第21話 クリスとの再会
さらに次の日、タクミの学校で事件が起きました。
悪い事件ではありません。
ドラグーンが学校に来たのです。
朝、学校に行くと、門のあたりに人だかりができていました。
なるべく目立ちたくなかったので、タクミはそれをさけていこうとしました。
「おい、そこにいるのはタクミじゃないか?」
ですが、タクミは集まっている人たちの中から呼び止められてしまったのです。
呼び止めてきた声には聞き覚えがありました。
「……クリス?」
宇竜船で会ったドラグーンのクリスです。
「やっぱりタクミか。ひさしぶり……ってほどでもないな。元気だったか?」
集まっている子どもたちをかきわけて、クリスはタクミへと近づいてきます。
前に会ったときとおなじ、ベージュ色をしたダブルのジャケットを着ています。それが軍服なのだということは、タクミにももうわかっていました。
「うん、俺は元気だよ。クリスは……だいじょうぶだった?」
見たところ、ケガをしている感じはありませんでしたが、タクミはいちおう聞いてみました。
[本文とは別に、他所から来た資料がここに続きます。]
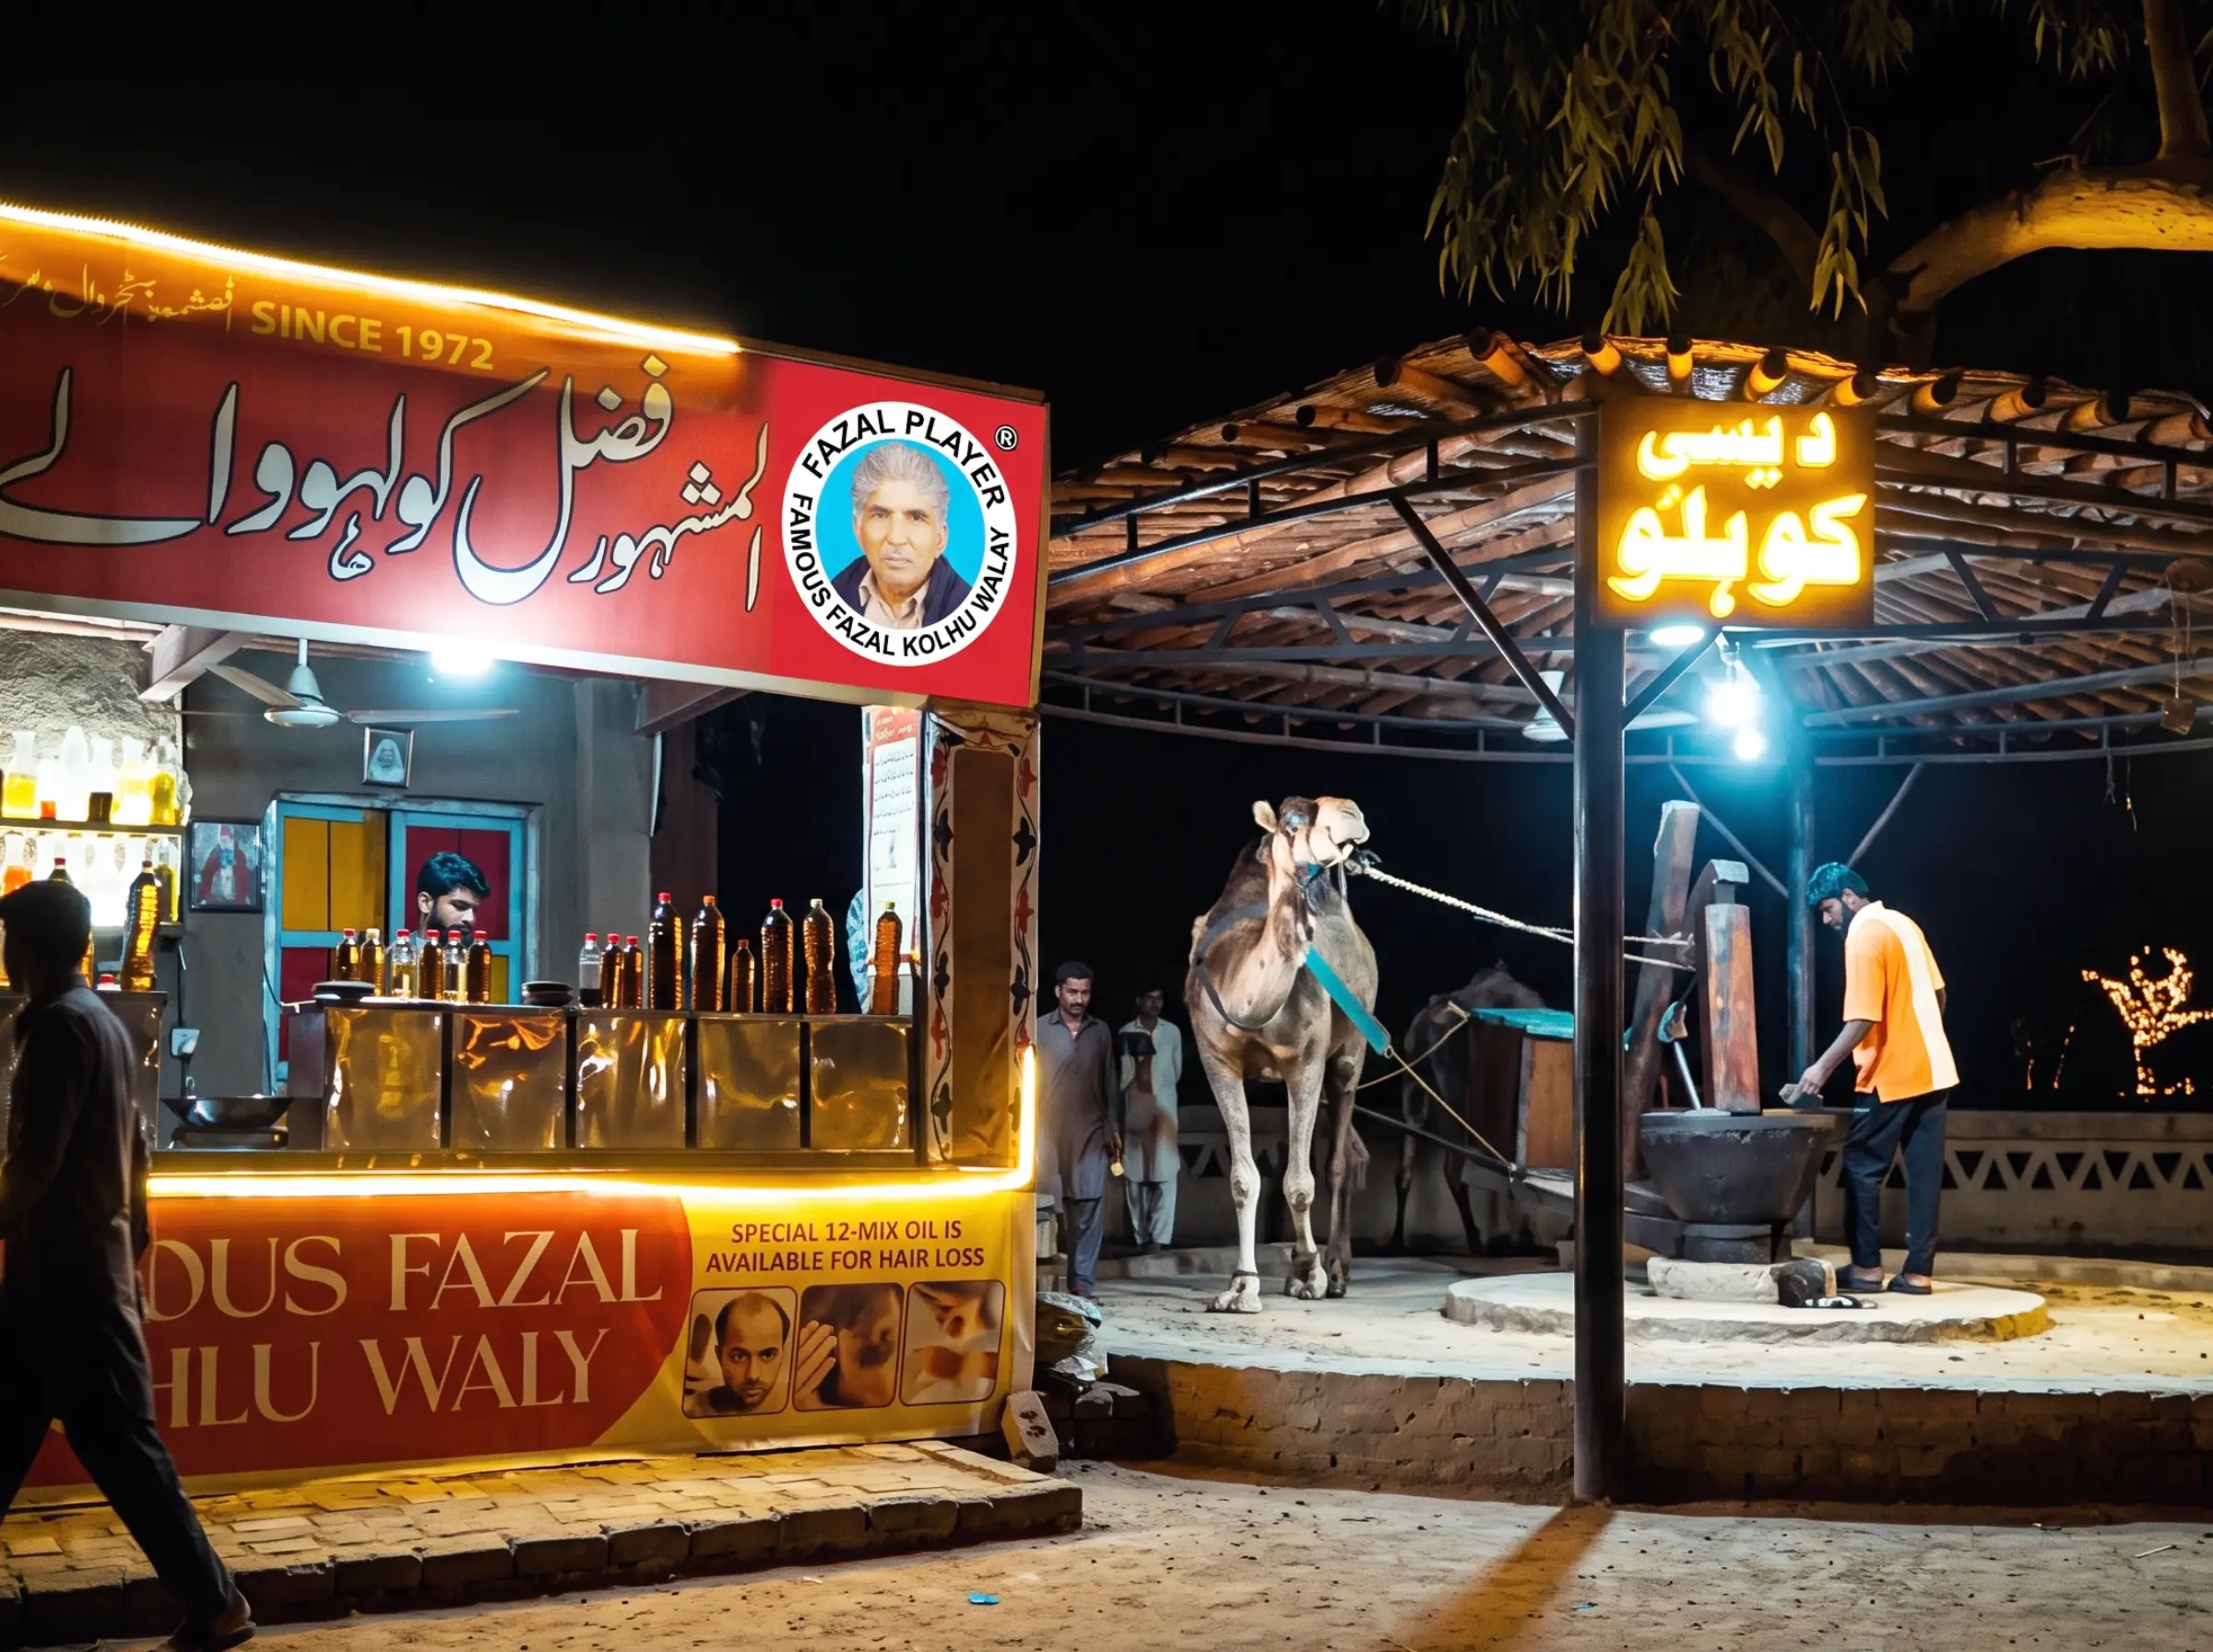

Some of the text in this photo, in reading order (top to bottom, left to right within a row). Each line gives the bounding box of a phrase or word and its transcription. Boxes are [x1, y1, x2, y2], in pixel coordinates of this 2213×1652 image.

[251, 301, 494, 371] SINCE 1972
[453, 354, 673, 606] فضل
[801, 408, 1006, 510] FAZAL PLAYER
[789, 492, 1011, 657] FAMOUS FAZAL KOLHU WALAY
[147, 1228, 664, 1322] OUS FAZAL
[705, 1247, 986, 1273] AVAILABLE FOR HAIR LOSS
[730, 1220, 962, 1244] SPECIAL 12-MIX OIL IS
[152, 1328, 610, 1428] HLU WALY
「俺はエースで、あの船のなかでは最強だったからな。なんともないさ」
そう言って、クリスはさわやかに笑います。
「どうして、今日は学校にいるの?」
「ああ、それなんだが……そうだ、みんなにも聞いておこうか」
クリスはみんなを見回して、問いかけました。
「このなかに、週末に街で黒い生きものを見た人はいるかい?」
顔をみあわせたり、首をひねったりしたあと、なんにんかが手をあげます。
タクミもゆっくりと手をあげました。
「次に見かけたら、すぐ逃げること。ホールでみんなに話すけど、そいつらは竜なんだ。小さくて鳥みたいに見えるけどな。しかも、人間を嫌ってる悪い竜だ」
全員に聞こえるように、クリスはゆっくりとしゃべります。
おどろきの声がみんなから聞こえました。
『黒くて小さい竜……?』
ランドセルのなかでブルムゾーンがしゃべります。
思わずちょっと首をかたむけて、それからタクミはクリスのほうをまた見ました。
クリスの青い目がこちらを見ていました。
「今、しゃべったのはタクミかい?」
クリスはさっきまでとおなじ、おだやかな顔をしていました。
でも、どうしてかわからないけれど、タクミはそのクリスの顔が、とてもこわく見えてしまったのです。
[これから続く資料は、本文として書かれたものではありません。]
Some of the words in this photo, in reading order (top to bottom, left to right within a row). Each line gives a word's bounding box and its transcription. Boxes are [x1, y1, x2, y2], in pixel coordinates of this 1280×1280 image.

「そうだよ。……あ、ごめんクリス、俺トイレに行きたかったからもう行くね。また会えてうれしかったよ」
「ああ、俺もだよ。これからしばらくこの学校にいることになるから、時間があったらまた話そうぜ、タクミ」
まるで逃げ出すようないきおいでタクミは走ります。
うしろをふりむくと、ほかの子どもたちに囲まれたまま、クリスはじっとタクミのほうを見ていました。
寒気がして、タクミの体がふるえます。
宇宙の町は人工なので、常に快適な気温に保たれています。地球みたいに四季はありませんが、かわりに寒いと感じることもないはずなのです。
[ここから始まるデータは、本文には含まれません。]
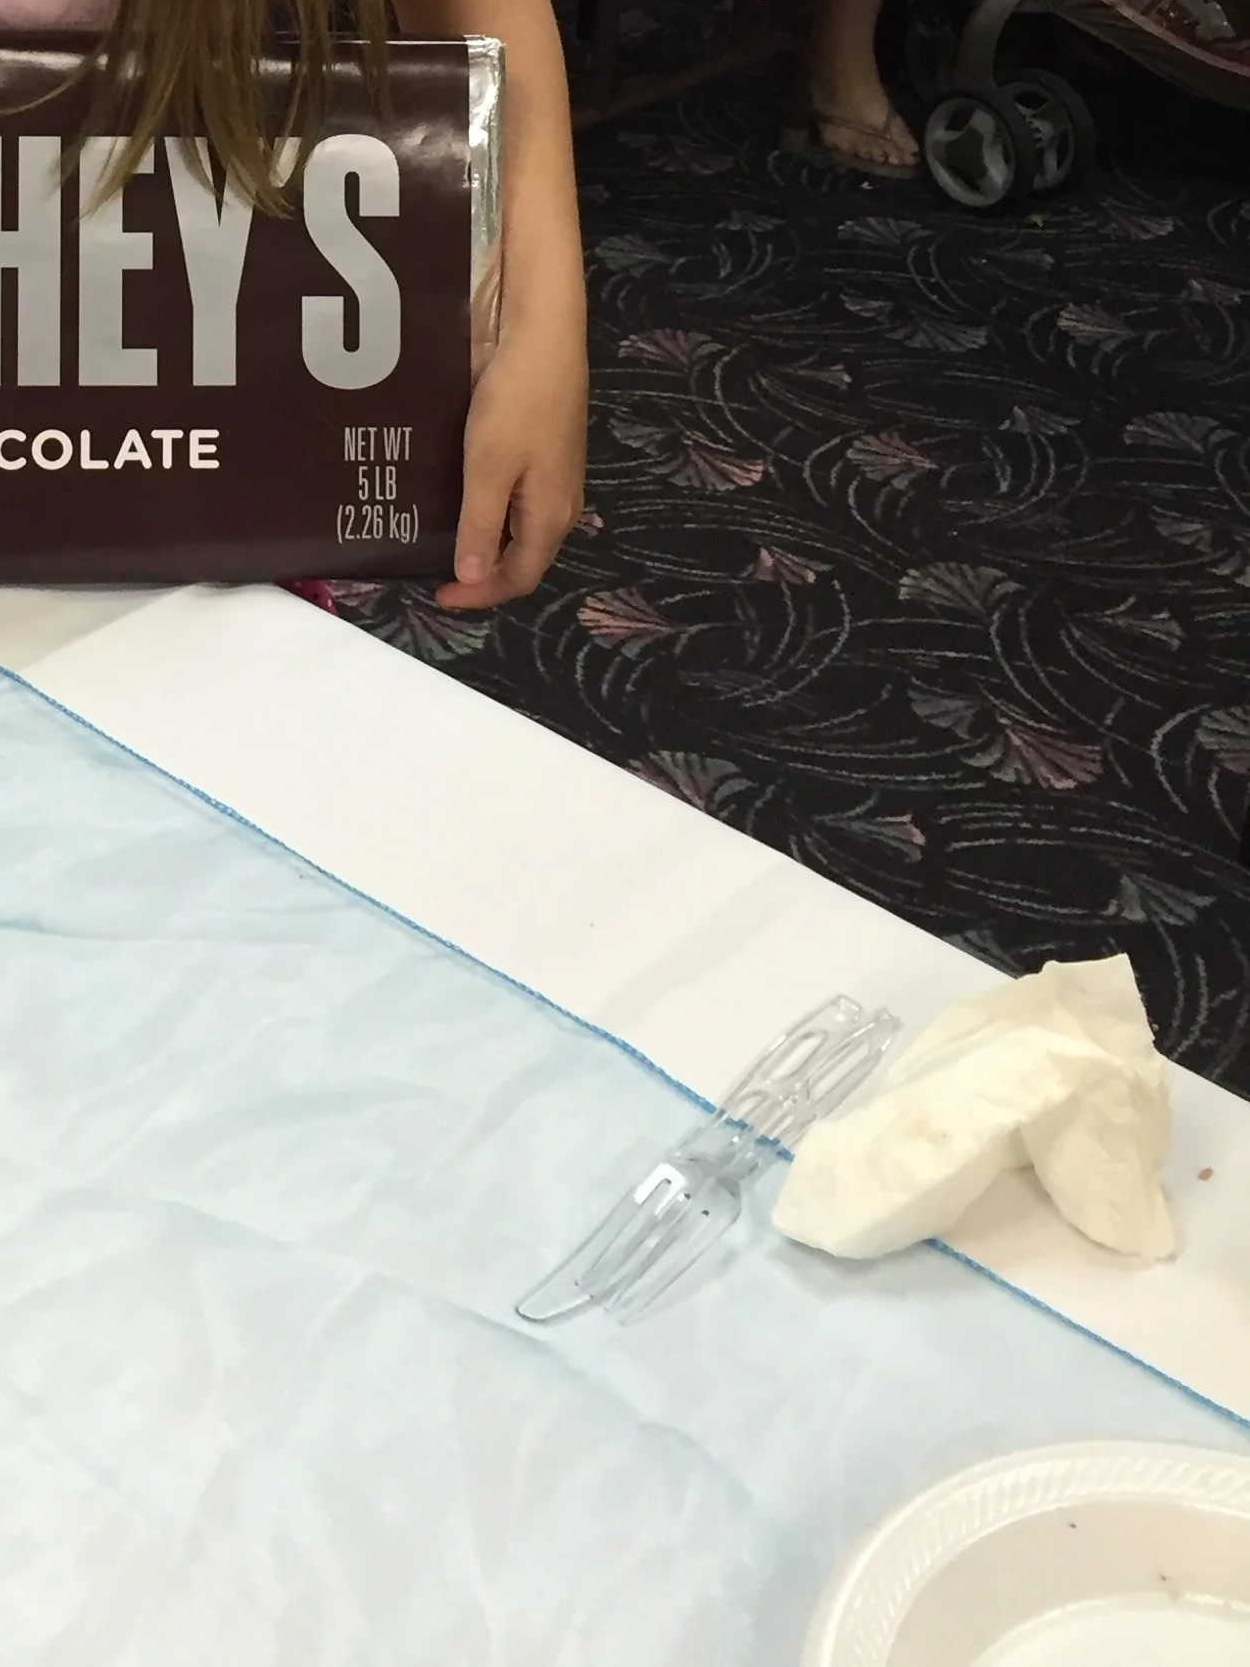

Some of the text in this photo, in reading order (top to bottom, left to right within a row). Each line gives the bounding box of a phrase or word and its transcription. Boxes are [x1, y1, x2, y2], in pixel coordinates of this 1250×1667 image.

[343, 426, 413, 462] NET WT
[358, 465, 397, 501] 5 LB
[336, 503, 420, 544] (2.26 kg)
でも、たしかにタクミは背筋がこおるおもいをしていました。
玄関を抜けて、ランドセルをせおったままトイレに入りました。
個室に入ってカギをかけます。
大きな大きな息を吐いて、それからタクミはブルムゾーンに話しかけました。
「ねえ、ブルムゾーン。もしかして、黒い竜って……」
『たぶん……ううん、ぜったいにそうだよ。ファーブニルの子どもが僕を追いかけてきたんだ』
ランドセルからブルムゾーンが答えました。
「クリスは、俺たちを守りに来てくれたのかな」
『うん。君たちになにもないように守ろうとしてるんだと思う』
でも、その守ろうとしている相手のなかに、ブルムゾーンはきっとふくまれていないのです。
「……ブルムゾーンとナミは、俺が守らなきゃ」
どうすればいいかわかりません。なにもできるとは思えません。でも、どうにかしなければなりません。
だから、タクミは自分にそう言い聞かせました。
黒い竜の姿を思い出そうとしてみました。
とても小さかったのを思い出すことができました。
「だいじょうぶ」
つぶやいて、タクミはトイレから出てロッカーへと向かいました。